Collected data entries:
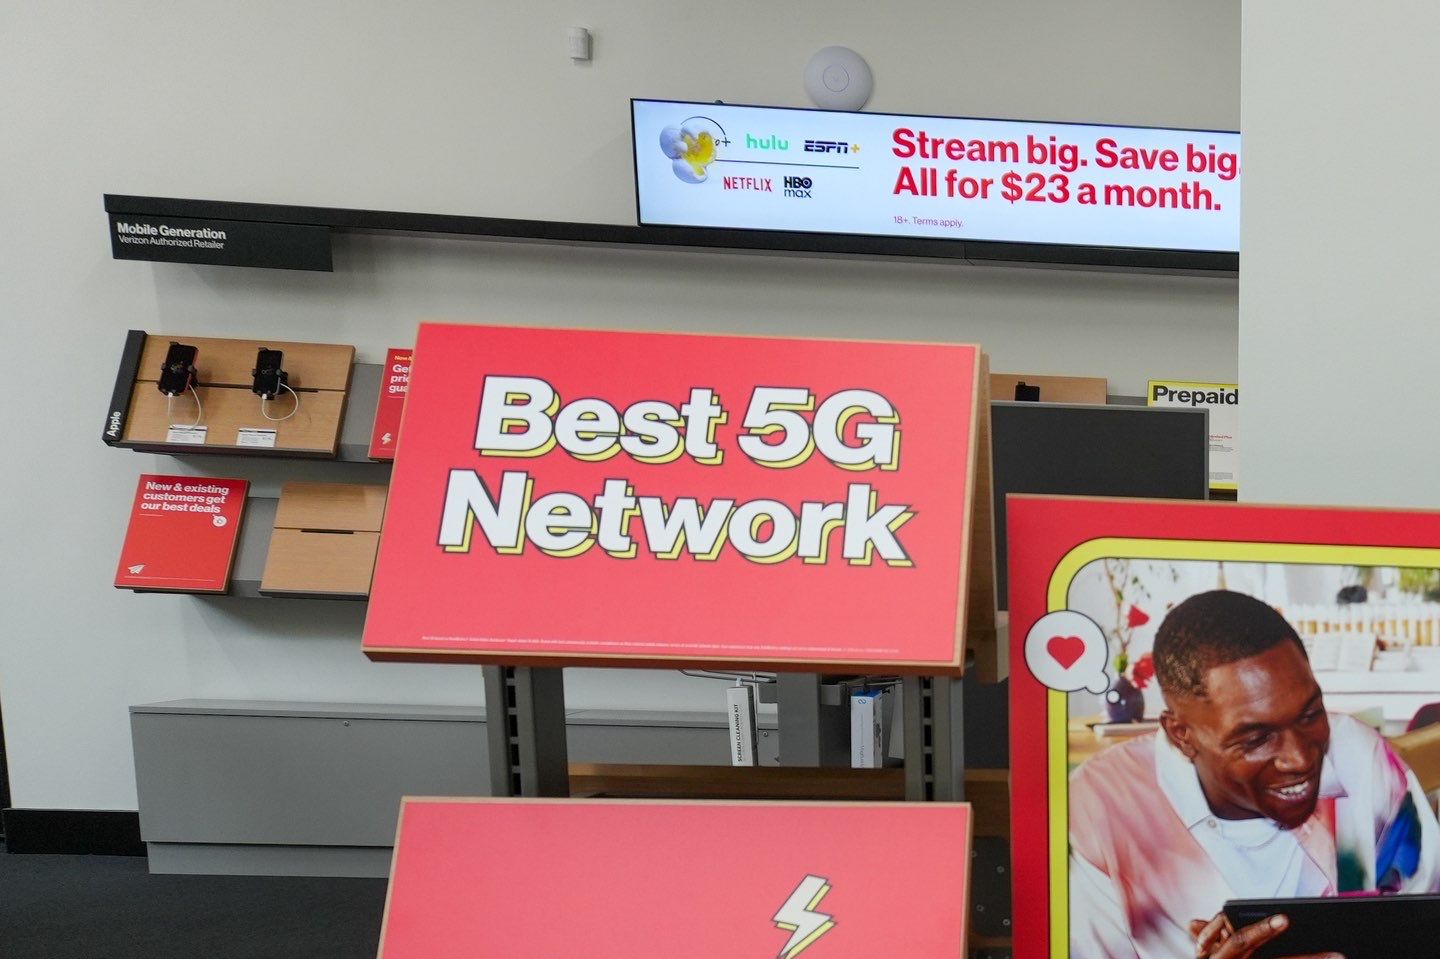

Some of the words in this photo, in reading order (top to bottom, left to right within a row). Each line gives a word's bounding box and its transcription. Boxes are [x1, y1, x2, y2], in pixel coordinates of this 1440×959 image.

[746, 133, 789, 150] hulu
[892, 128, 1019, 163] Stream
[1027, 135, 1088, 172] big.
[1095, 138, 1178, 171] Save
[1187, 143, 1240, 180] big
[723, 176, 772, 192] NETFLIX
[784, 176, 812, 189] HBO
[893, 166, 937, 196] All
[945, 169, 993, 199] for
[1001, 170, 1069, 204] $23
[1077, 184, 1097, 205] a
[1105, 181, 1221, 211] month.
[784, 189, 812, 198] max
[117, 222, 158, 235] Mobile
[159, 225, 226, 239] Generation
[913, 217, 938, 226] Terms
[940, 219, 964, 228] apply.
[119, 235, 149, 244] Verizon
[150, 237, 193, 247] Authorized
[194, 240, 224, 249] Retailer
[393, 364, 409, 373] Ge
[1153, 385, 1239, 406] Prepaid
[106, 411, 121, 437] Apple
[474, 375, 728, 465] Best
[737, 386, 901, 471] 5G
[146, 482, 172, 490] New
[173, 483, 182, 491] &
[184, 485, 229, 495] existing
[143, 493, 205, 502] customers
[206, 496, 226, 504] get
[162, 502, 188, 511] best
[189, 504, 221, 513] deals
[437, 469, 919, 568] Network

▶ _What to work on_: All entries above must be repeated exactly; pictures are to be left out.

▶ _Task result_:
Some of the words in this photo, in reading order (top to bottom, left to right within a row). Each line gives a word's bounding box and its transcription. Boxes are [x1, y1, x2, y2], in pixel coordinates of this 1440×959 image.

[746, 133, 789, 150] hulu
[892, 128, 1019, 163] Stream
[1027, 135, 1088, 172] big.
[1095, 138, 1178, 171] Save
[1187, 143, 1240, 180] big
[723, 176, 772, 192] NETFLIX
[784, 176, 812, 189] HBO
[893, 166, 937, 196] All
[945, 169, 993, 199] for
[1001, 170, 1069, 204] $23
[1077, 184, 1097, 205] a
[1105, 181, 1221, 211] month.
[784, 189, 812, 198] max
[117, 222, 158, 235] Mobile
[159, 225, 226, 239] Generation
[913, 217, 938, 226] Terms
[940, 219, 964, 228] apply.
[119, 235, 149, 244] Verizon
[150, 237, 193, 247] Authorized
[194, 240, 224, 249] Retailer
[393, 364, 409, 373] Ge
[1153, 385, 1239, 406] Prepaid
[106, 411, 121, 437] Apple
[474, 375, 728, 465] Best
[737, 386, 901, 471] 5G
[146, 482, 172, 490] New
[173, 483, 182, 491] &
[184, 485, 229, 495] existing
[143, 493, 205, 502] customers
[206, 496, 226, 504] get
[162, 502, 188, 511] best
[189, 504, 221, 513] deals
[437, 469, 919, 568] Network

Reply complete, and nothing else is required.